= Hypohalous acid =

Class of chemical compounds

A hypohalous acid is an oxyacid consisting of a hydroxyl group single-bonded to any halogen. Examples include hypofluorous acid, hypochlorous acid, hypobromous acid, and hypoiodous acid. The conjugate base is a hypohalite. They can be formed by reacting the corresponding diatomic halogen molecule (auto=1|F2, auto=1|Cl2, auto=1|Br2, auto=1|I2) with water in the reaction:
X2 + H2O <-> HXO + HX
This also results in the corresponding hydrogen halide, which is also acidic.
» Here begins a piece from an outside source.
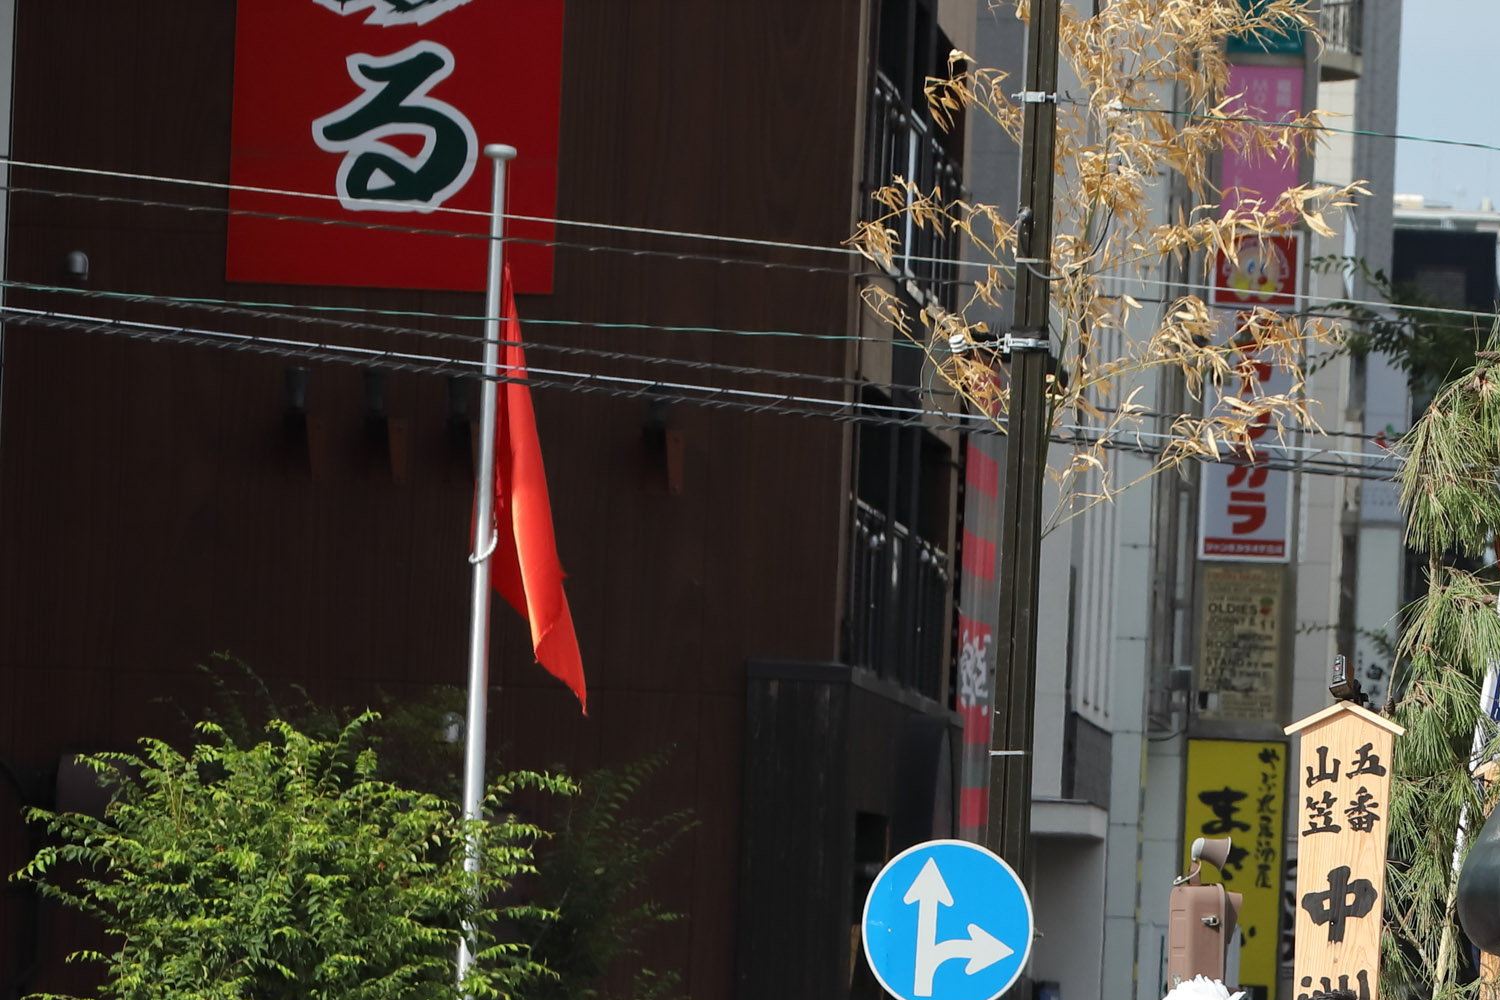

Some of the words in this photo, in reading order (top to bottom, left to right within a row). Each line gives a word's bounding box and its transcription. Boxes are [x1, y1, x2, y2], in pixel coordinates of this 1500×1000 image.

A pseudohalogen would instead generate a hypopseudohalous acid.

It is uncertain that whether hypoastatous acid (AtOH), the hypohalous acid for astatine, is more similar to other hypohalous acids or to metal hydroxides.

==Stability==
Hypohalous acids tend to be unstable. Only hypofluorous acid has been isolated as a solid, and even it is explosive at room temperature. Hypochlorous acid cannot be prepared in anhydrous form. Hypobromous acid, hypoiodous acid, and their conjugate bases (hypobromite and hypoiodite) are also unstable, undergoing disproportionation reactions like
3 BrO-(aq) -> 2 Br-(aq) + BrO3−(aq)
and
3 HIO -> 2 HI + HIO3
that result in the corresponding hydrogen halides/halide ions and halic acids/halates.

==Uses==
Hypochlorous acid and hypobromous acid are each dissolved in water to sanitize it, hypochlorous acid in swimming pools and hypobromous acid in hot tubs and spas.

==Acidity==
Hypohalous acids tend to be weak acids, and they typically get weaker as the halogen progresses further down the periodic table. Hypochlorous acid has a pK_{a} of 7.53. The pK_{a} values of hypobromous acid is higher (meaning that it is an even weaker acid), at 8.65. The pK_{a} of hypoiodous acid is even higher, at 10.6.